ISBN: 978-178578-045-5

Text copyright © 2016 Matthew Wilkinson

The author has asserted his moral rights.

No part of this book may be reproduced in any form, or by any means, without prior permission in writing from the publisher.

Typeset in Adobe Caslon Pro by Marie Doherty Designed by Jack Lenzo

Printed and bound in the UK by Clays Ltd, St Ives plc

For Dad

Contents

Introduction

1Just Put One Foot in Front of the Other

2Two Legs Good

3Leaps of Faith

4Go-Faster Stripe

5The Improbable Invasion

6A Winning Formula

7Brain and Brawn

8Give It a Rest

9Exodus

10Locomotive Souls

Acknowledgements

List of Illustrations

Bibliography

Index

Introduction

Then God said, ‘Let us make man in our image, after our likeness …’ So God created man in his own image.

—Genesis 1:26–27 (RSV)

That’s as much as the Bible has to say about the origin of man and why we are as we are: if we take the above verses literally, God just felt like making a species that looked like him. As explanations go, it’s pretty thin – one wonders, for instance, why God happened to be humanoid in the first place. Not that the rest of the living world fares much better. The only vague allusion in the first pages of Genesis to a possible link between an organism’s form and its way of life is the description of birds as winged. Such reticence is hardly surprising, given that curiosity is denounced as the mother of all sins a couple of chapters later. Righteousness apparently requires that we take everything for granted. Fortunately, we ended up ignoring this prescription: the first rule of a post-Darwinian, evolutionary worldview is that when it comes to life, we should take absolutely nothing for granted. Living things are as they are largely as a result of the process of adaptation: the gradual accumulation of favourable mutations over countless generations by the action of natural selection.

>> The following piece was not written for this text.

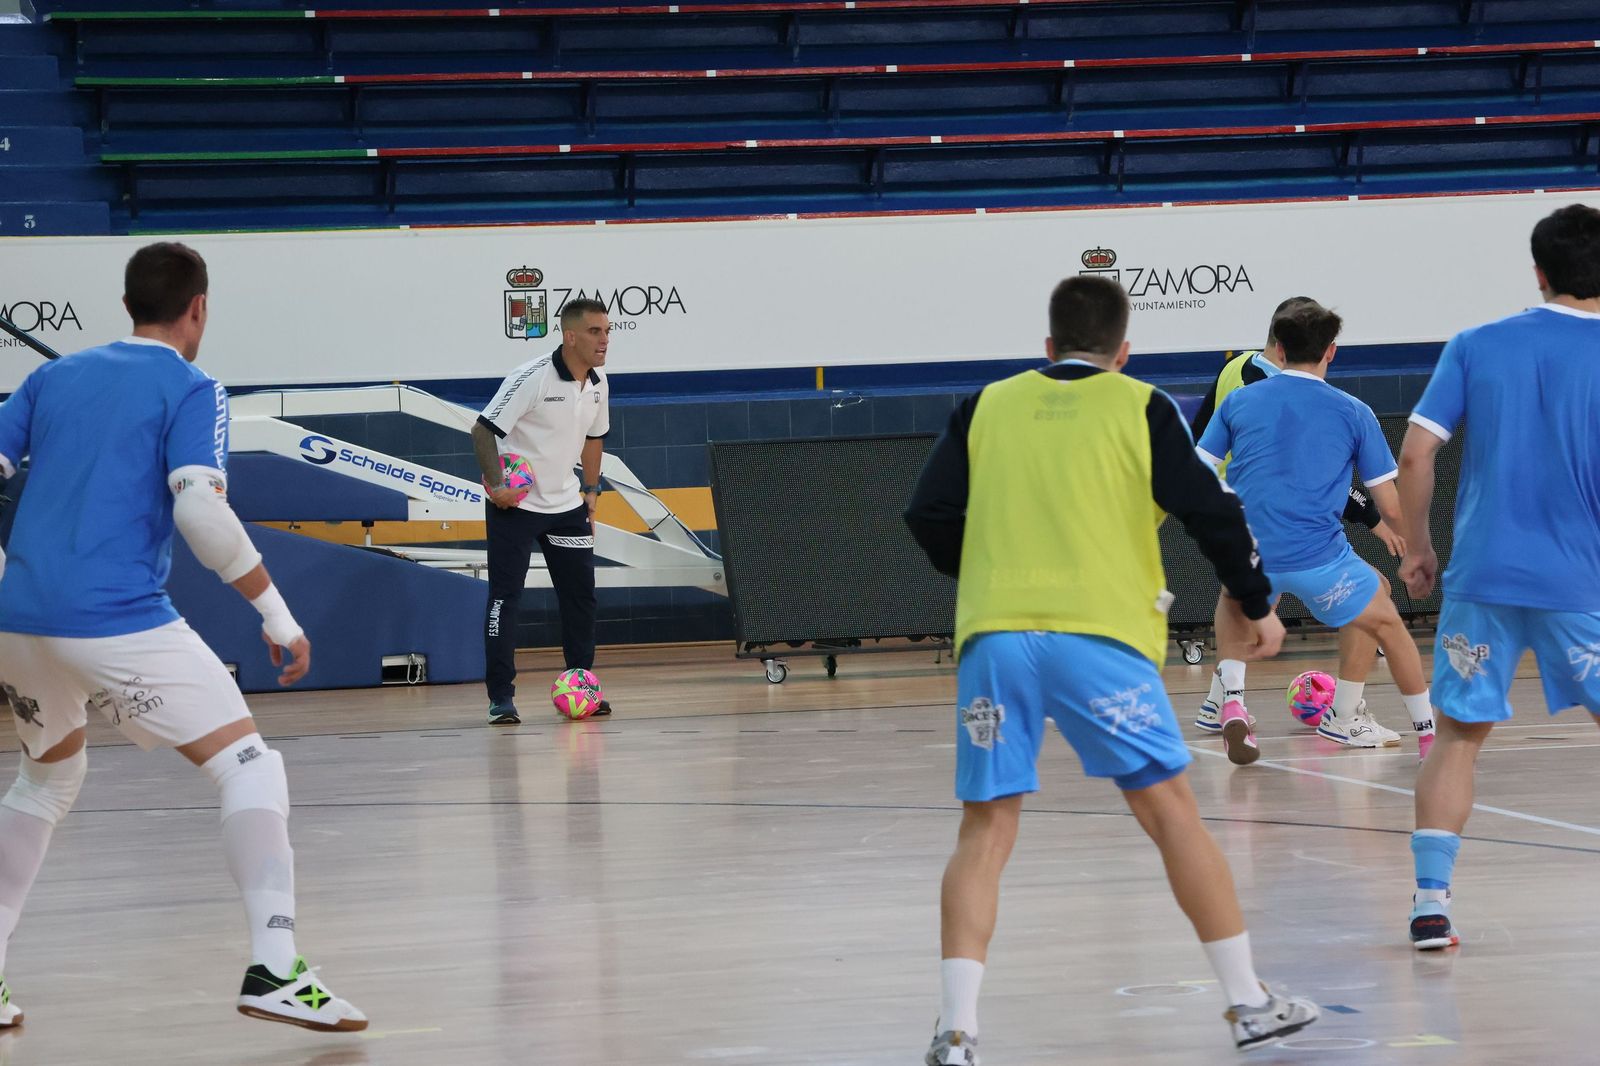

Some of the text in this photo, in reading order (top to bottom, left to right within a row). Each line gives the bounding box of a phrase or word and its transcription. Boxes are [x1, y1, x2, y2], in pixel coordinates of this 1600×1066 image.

[1125, 264, 1254, 297] ZAMORA
[338, 448, 482, 503] Schelde Sports

Now, some would have it that natural selection is therefore the one and only answer to any question about life. But while this claim is sort of true, at least as far as the adaptive features of organisms are concerned, pointing at a single element in a causal chain hardly amounts to an intellectually satisfying explanation. However, we’d be forgiven for thinking that this is about as far as we can go. It’s all very well accepting the authority of natural selection as the agent of adaptive change, but the genetic mutations that create the variation upon which natural selection acts occur by chance. Furthermore, the eventual fate of a mutation hinges on the particulars of the environment in which a population happens to find itself. Are we really any the wiser? Is evolutionary history just one damned thing after another – a long sequence of specifics and contingencies? Have we succeeded only in replacing God with Fortune?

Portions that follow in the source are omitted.